They were running on the grass for the first time. They had probably never seen sunlight before. Yet, Lauree Simmons, founder of Big Dog Ranch Rescue, tells EuroNews, “within an hour or so, they started approaching us, looking for attention. Some snuggled into people’s arms.” One thousand five hundred beagles, taken from Ridglan Farms in Blue Mounds, Wisconsin-the second largest laboratory dog farm in the United States-began their journey to something that was unheard of for them: freedom.
The news, bounced all over the major media in the United States and elsewhere, is technically an animal rescue story. But to tell it only that way would be reductive. It is also a story about how the social consensus around animal experimentation is changing and how much it weighs-in economic and political terms-public pressure on an industry that has operated in the shadows for decades.
An agreement, not a blitz
The 1,500 dogs were not freed by activists but bought. Big Dog Ranch Rescue and the Center for a Humane Economy negotiated a confidential agreement with Ridglan Farms for months to acquire the animals. Negotiations were ongoing even before the April protests, and Simmons was careful to point out that his group “was not connected to the protests.”
On April 18, some 1,000 activists from across America had gathered in front of the facility in an attempt to forcibly remove the dogs. The law enforcement response had been sharp: tear gas, rubber bullets, pepper spray. Twenty-nine arrests, five charges for grand larceny. By March, a raid had taken away 30 dogs, with 63 people reported to the district attorney’s office.
The negotiated bailout came independently of the protests, perhaps due in part to the pressure they generated in the media, but through separate, legal avenues.
Because beagles
Beagles are the most widely used breed in animal testing in the United States. The reasons are practical: small size, mild temperament, behavioral reliability in testing. As Simmons herself explains, “A Belgian Malinois shepherd will not tolerate being tested or confined to a kennel for life.” Beagles do. That docility-evolved over centuries to stand beside humans-has become their doom in the lab.

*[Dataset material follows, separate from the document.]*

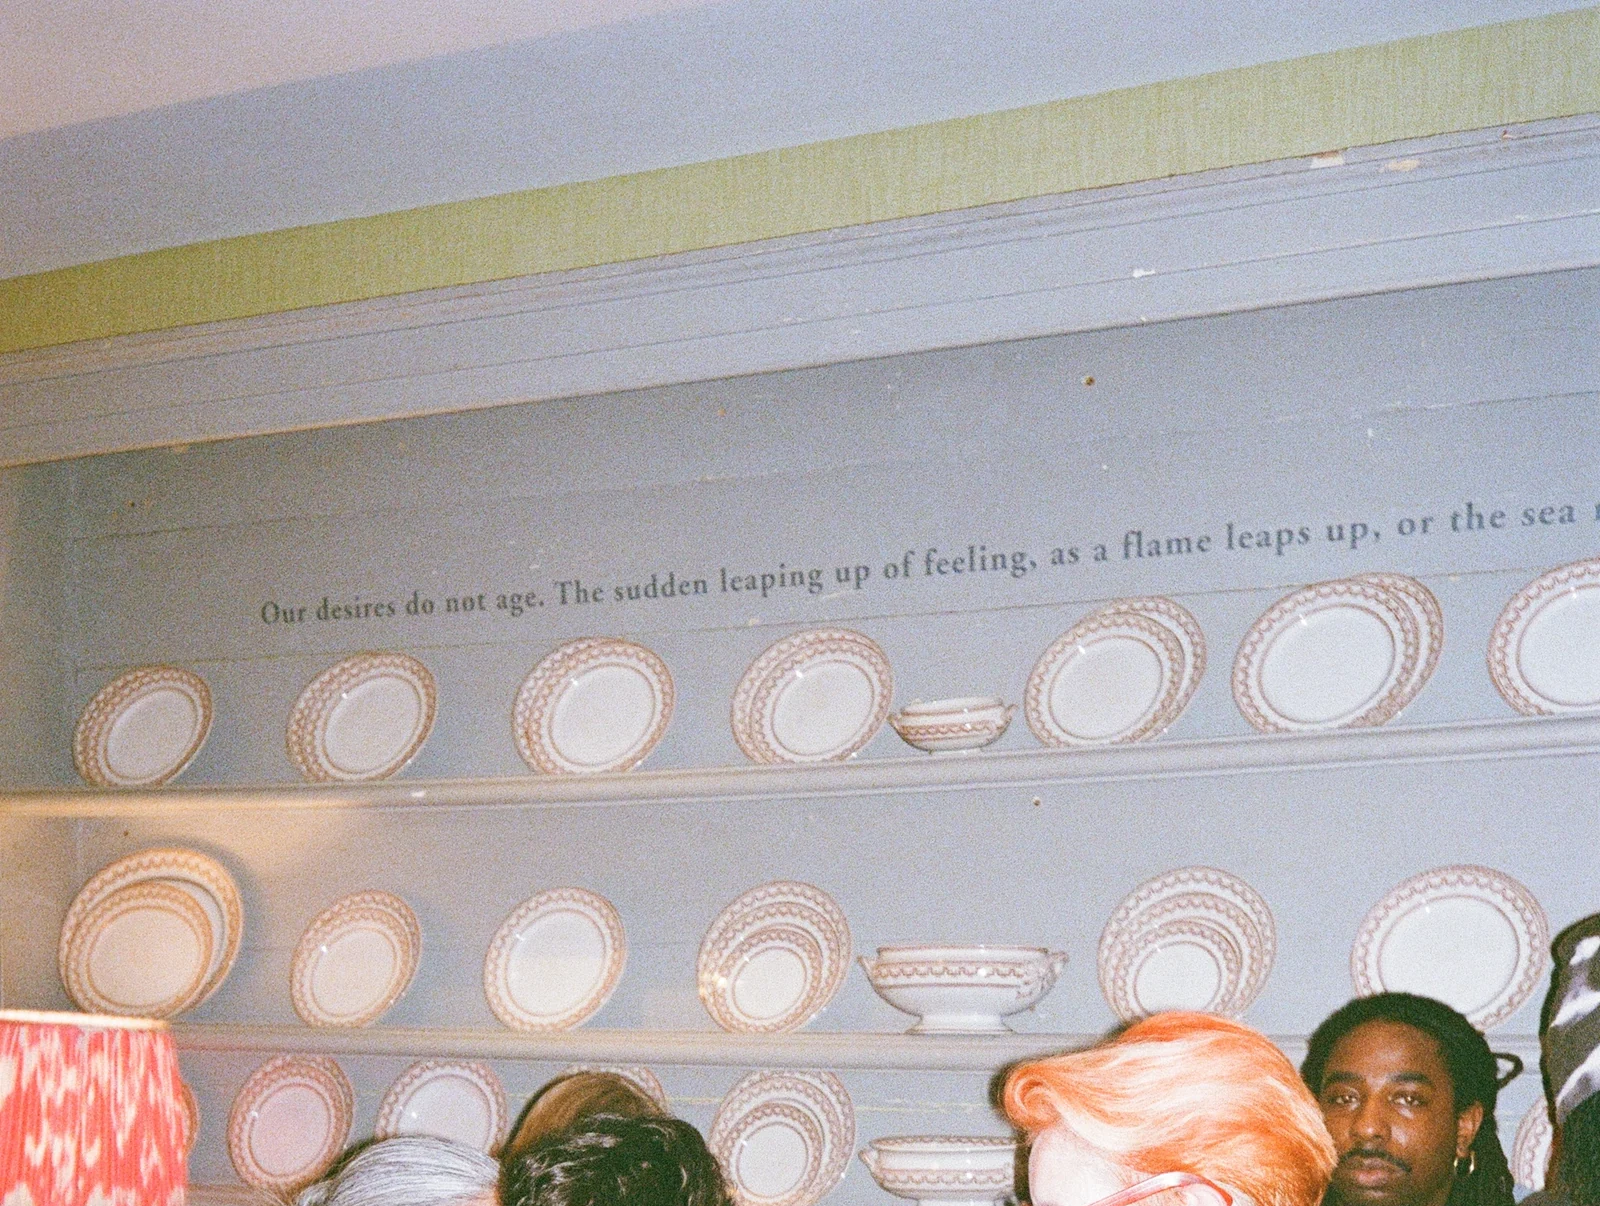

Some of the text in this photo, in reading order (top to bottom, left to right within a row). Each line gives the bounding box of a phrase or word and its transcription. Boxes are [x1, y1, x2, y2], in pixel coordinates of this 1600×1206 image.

“We’re taking one of the gentlest, kindest, most trusting breeds and mistreating it,” Simmons said again. “This needs to be stopped.” It is a position that goes beyond the single incident and directly challenges the regulatory agencies, universities and pharmaceutical companies that still depend on these animal models.
The structure and its past
Ridglan Farms is no stranger to controversy. Last October, the facility had agreed to surrender its state livestock license effective July 1, 2026, as part of an agreement to avoid criminal prosecution related to allegations of animal mistreatment. The company has always denied the charges, but a special prosecutor had determined that some eye procedures practiced on the animals violated Wisconsin state veterinary standards. Not an insignificant detail, given that this was a farm that supplied research centers.
Of the 2,000 dogs in the facility, 1,500 have been purchased. The others remain. The Center for a Humane Economy said it is “continuing its efforts to try to free the remaining dogs,” adding that “these arrangements require compromises” and that “without this negotiated outcome, it is very likely that none of these dogs would have been released.”
The logistics of a liberation
The first 300 dogs were transferred last Friday. The others will follow over the next few weeks. The two organizations have set up a temporary area in Wisconsin with outdoor enclosures where the animals are being vaccinated, microchipped, sterilized and prepared for transport. Big Dog Ranch Rescue is already moving them to its headquarters in Palm Beach County, Florida, and from there to shelters across the country. The charity has already received more than 700 adoption applications, but the process will be long: potential foster parents are being carefully screened, and many of the dogs-especially the older ones-will need time to adjust to a home life they have never known.
A signal, not a solution
It would be wrong to close this story with a happy ending. One thousand five hundred dogs are finding homes – and that is good news. But the system that imprisoned them has not disappeared. There are other similar farms in the United States, other laboratories that continue to operate in full compliance with federal law. Activist pressure, media coverage and negotiated settlements have affected one specific case; they have not changed the rules governing animal experimentation nationwide.